:: TASK GOAL ::
Please return each of the entries exactly, minus their pictures.

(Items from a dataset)
####################

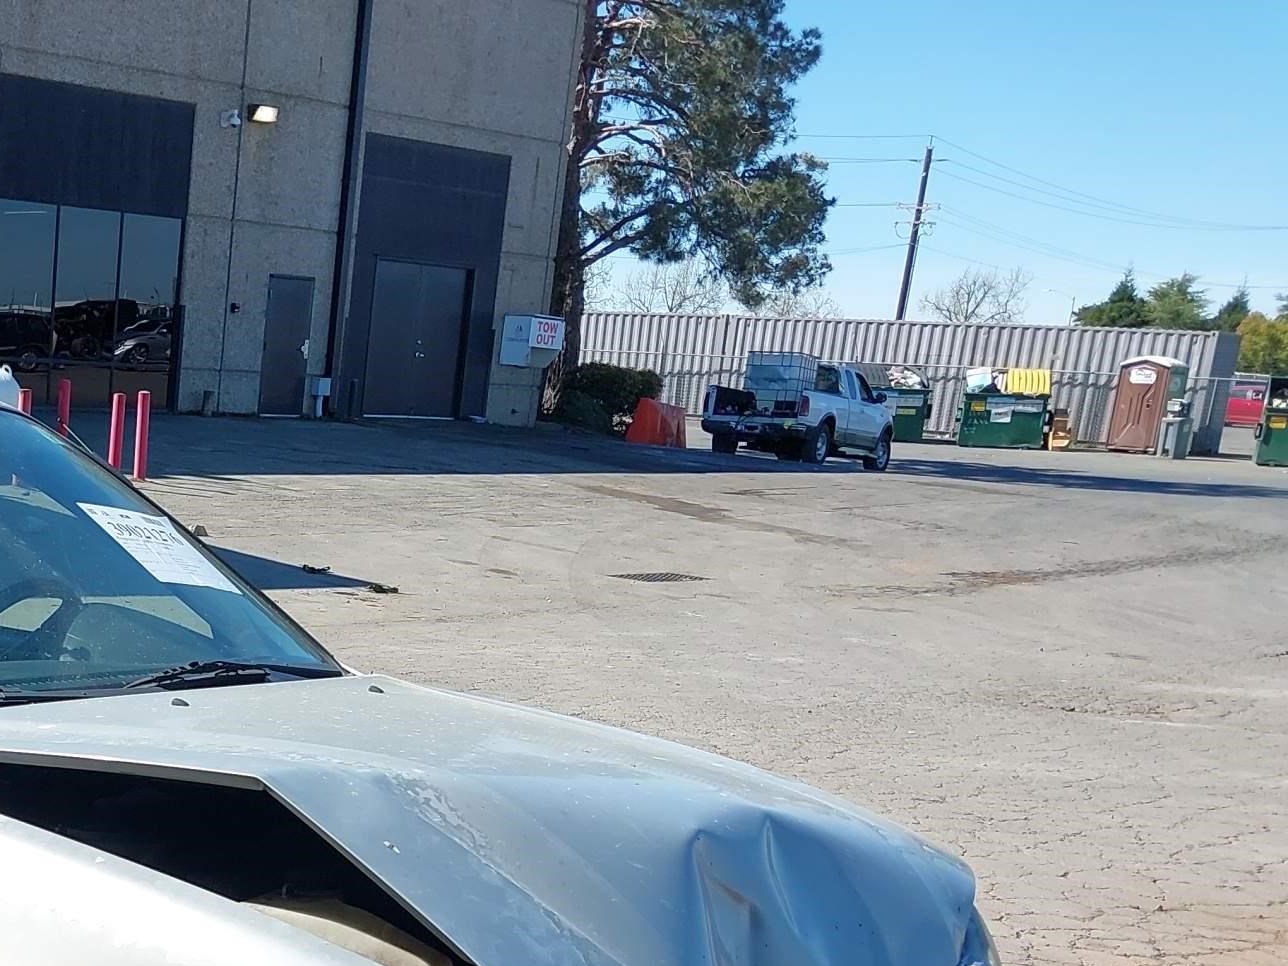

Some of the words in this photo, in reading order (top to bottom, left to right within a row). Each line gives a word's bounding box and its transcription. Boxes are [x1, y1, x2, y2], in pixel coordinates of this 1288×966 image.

[537, 321, 559, 334] TOW
[536, 334, 556, 345] OUT
[107, 521, 184, 546] 39021276
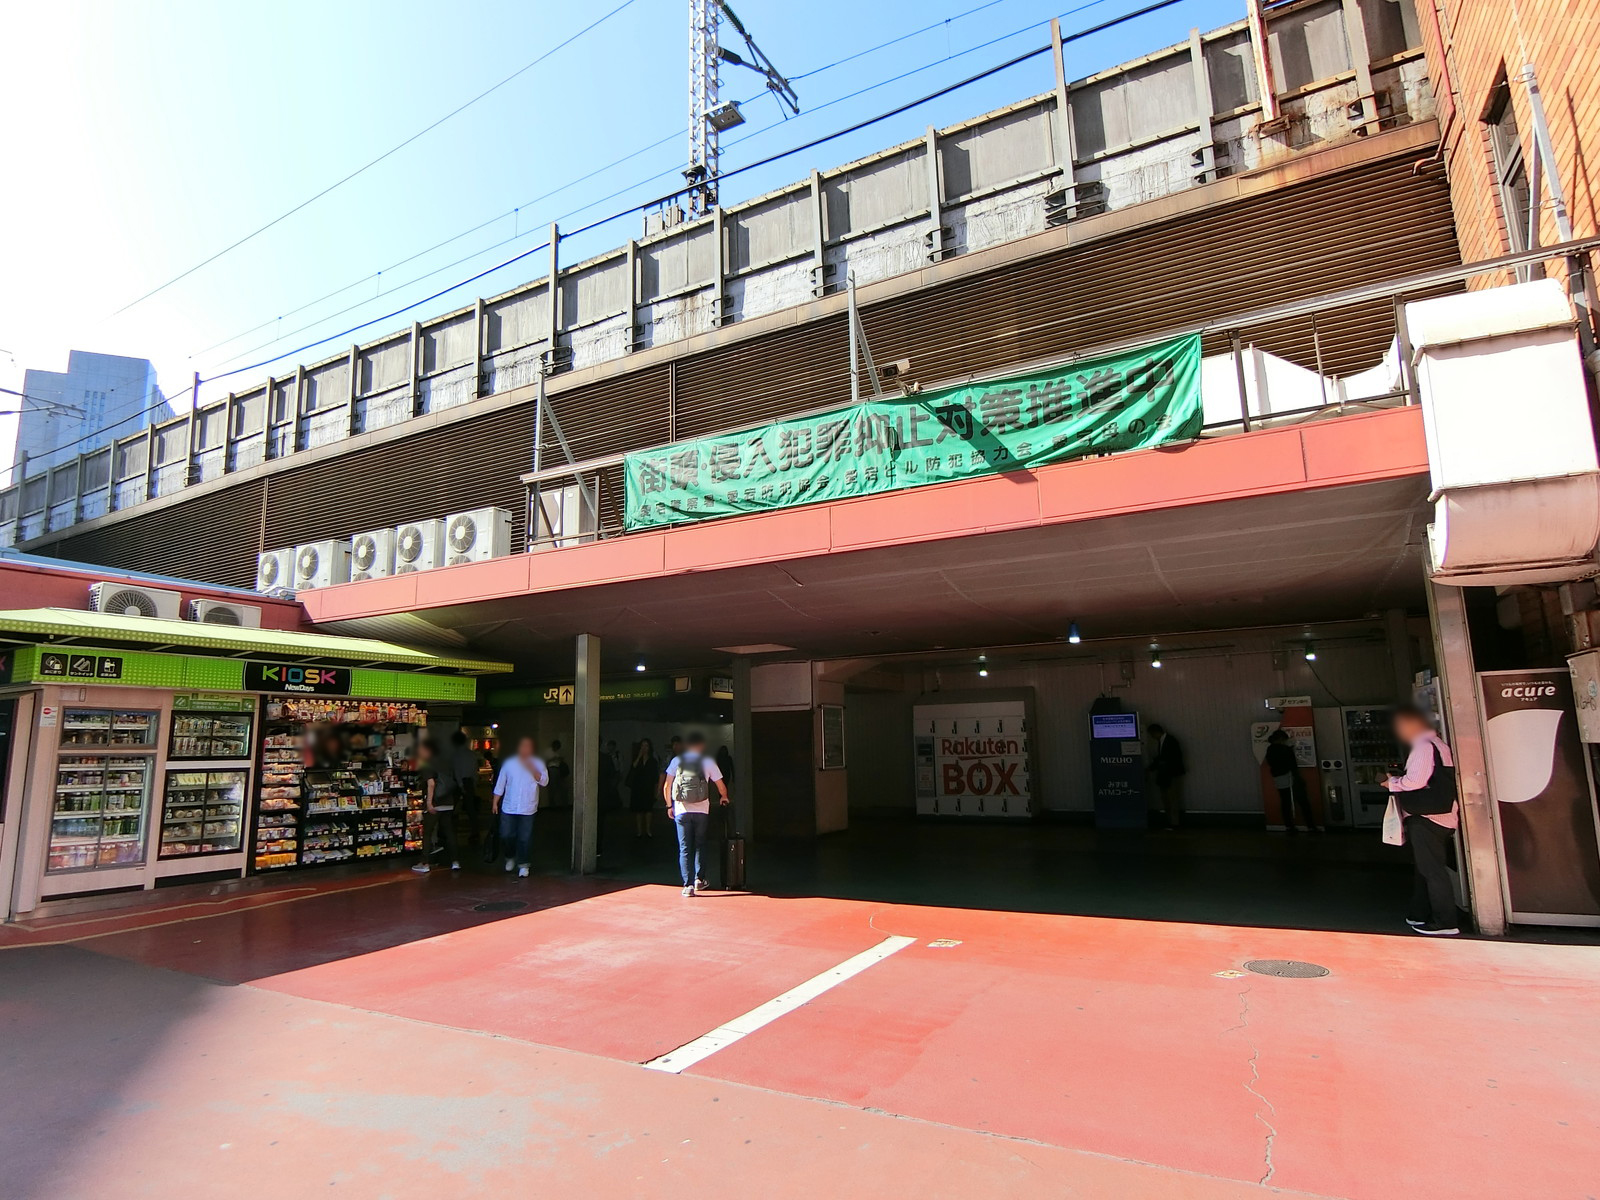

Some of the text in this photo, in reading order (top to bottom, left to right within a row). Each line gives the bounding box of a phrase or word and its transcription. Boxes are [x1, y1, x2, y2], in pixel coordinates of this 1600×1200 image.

[262, 665, 337, 685] KIOSK
[284, 684, 315, 692] NewDays
[543, 688, 559, 700] JR
[1501, 686, 1556, 698] acure
[941, 737, 1019, 755] Rakuten
[1100, 756, 1133, 764] MIZUHO
[942, 763, 1020, 796] BOX
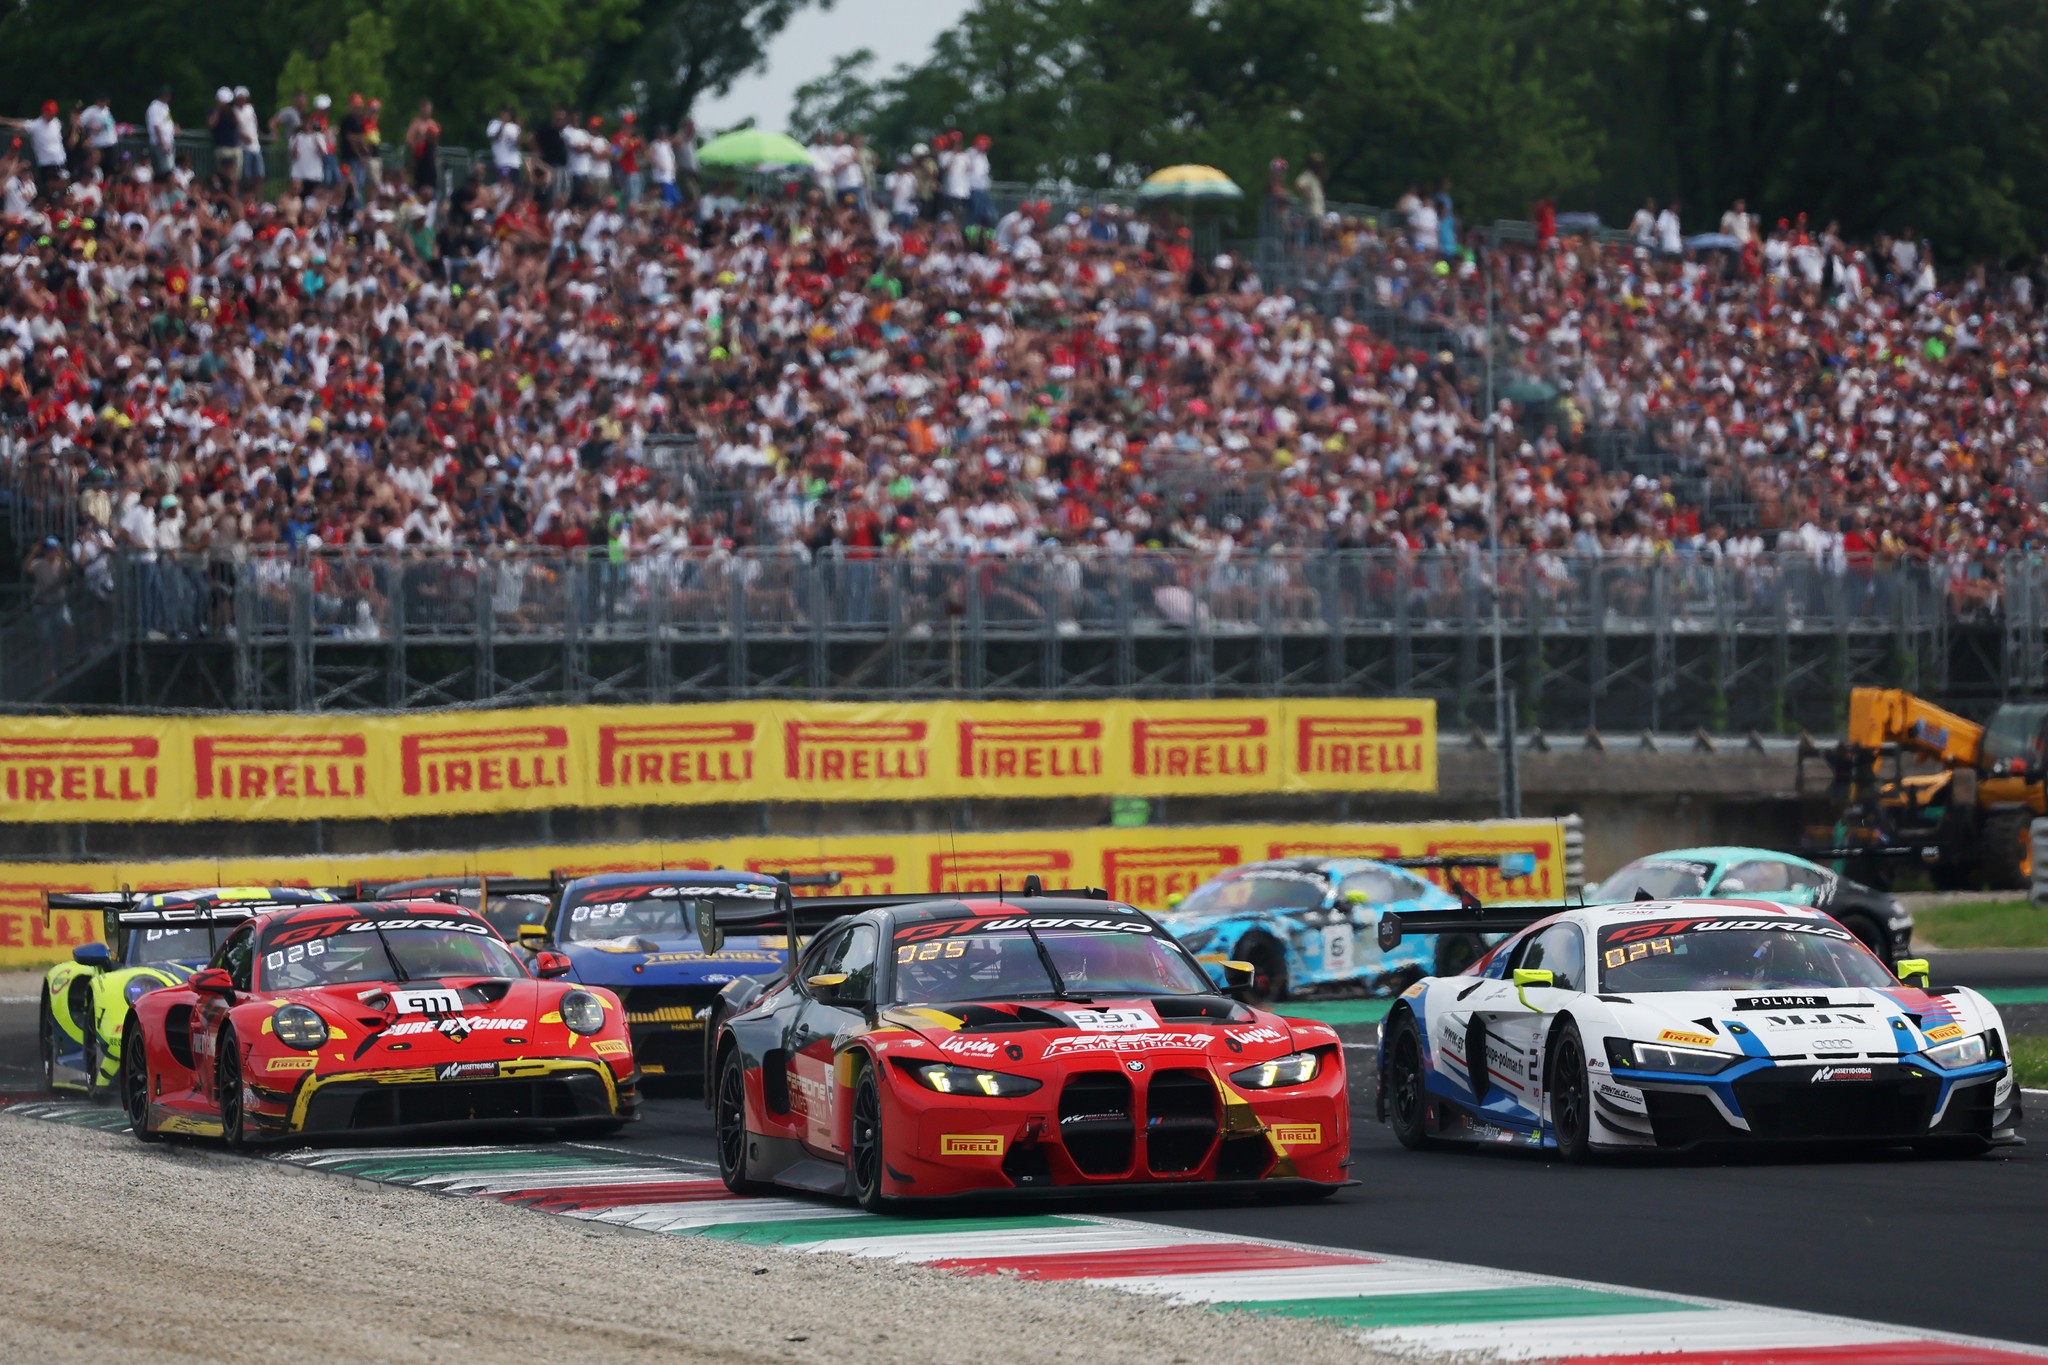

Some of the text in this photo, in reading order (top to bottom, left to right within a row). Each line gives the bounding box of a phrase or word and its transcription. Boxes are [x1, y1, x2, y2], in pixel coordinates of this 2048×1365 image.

[785, 720, 927, 781] PIRELLI
[956, 719, 1102, 778] PIRELLI
[1133, 717, 1267, 776] PIRELLI
[1298, 717, 1422, 773] PIRELLI
[403, 726, 568, 796] PIRELLI
[598, 722, 755, 787] PIRELLI
[194, 733, 366, 798] PIRELLI
[571, 902, 628, 922] 029
[346, 919, 489, 935] WORLD
[982, 918, 1153, 933] WORLD
[1692, 920, 1852, 940] WORLD
[268, 938, 325, 971] 026
[1604, 938, 1672, 969] 024
[409, 996, 452, 1014] 911
[1750, 997, 1816, 1007] POLMAR
[1073, 1011, 1143, 1024] 991
[377, 1020, 438, 1037] PURE
[1662, 1031, 1712, 1044] PIRELLI
[1928, 1025, 1961, 1040] PIRELLI
[595, 1042, 628, 1052] PIRELLI
[271, 1059, 314, 1069] PIRELLI
[1276, 1127, 1317, 1141] PIRELLI
[946, 1138, 999, 1152] PIRELLI

####################

:: EXPECTED ANSWER ::
Some of the words in this photo, in reading order (top to bottom, left to right within a row). Each line gives a word's bounding box and its transcription. Boxes are [x1, y1, x2, y2], in pixel coordinates of this 1288×966 image.

[537, 321, 559, 334] TOW
[536, 334, 556, 345] OUT
[107, 521, 184, 546] 39021276

Some of the text in this photo, in reading order (top to bottom, left to right within a row). Each line gives the bounding box of a phrase or word and its transcription. Boxes are [x1, y1, x2, y2], in pixel coordinates of this 1600×1200 image.

[262, 665, 337, 685] KIOSK
[284, 684, 315, 692] NewDays
[543, 688, 559, 700] JR
[1501, 686, 1556, 698] acure
[941, 737, 1019, 755] Rakuten
[1100, 756, 1133, 764] MIZUHO
[942, 763, 1020, 796] BOX

Some of the text in this photo, in reading order (top to bottom, left to right within a row). Each line gives the bounding box of a phrase or word and its transcription. Boxes are [x1, y1, x2, y2], in pixel coordinates of this 2048×1365 image.

[785, 720, 927, 781] PIRELLI
[956, 719, 1102, 778] PIRELLI
[1133, 717, 1267, 776] PIRELLI
[1298, 717, 1422, 773] PIRELLI
[403, 726, 568, 796] PIRELLI
[598, 722, 755, 787] PIRELLI
[194, 733, 366, 798] PIRELLI
[571, 902, 628, 922] 029
[346, 919, 489, 935] WORLD
[982, 918, 1153, 933] WORLD
[1692, 920, 1852, 940] WORLD
[268, 938, 325, 971] 026
[1604, 938, 1672, 969] 024
[409, 996, 452, 1014] 911
[1750, 997, 1816, 1007] POLMAR
[1073, 1011, 1143, 1024] 991
[377, 1020, 438, 1037] PURE
[1662, 1031, 1712, 1044] PIRELLI
[1928, 1025, 1961, 1040] PIRELLI
[595, 1042, 628, 1052] PIRELLI
[271, 1059, 314, 1069] PIRELLI
[1276, 1127, 1317, 1141] PIRELLI
[946, 1138, 999, 1152] PIRELLI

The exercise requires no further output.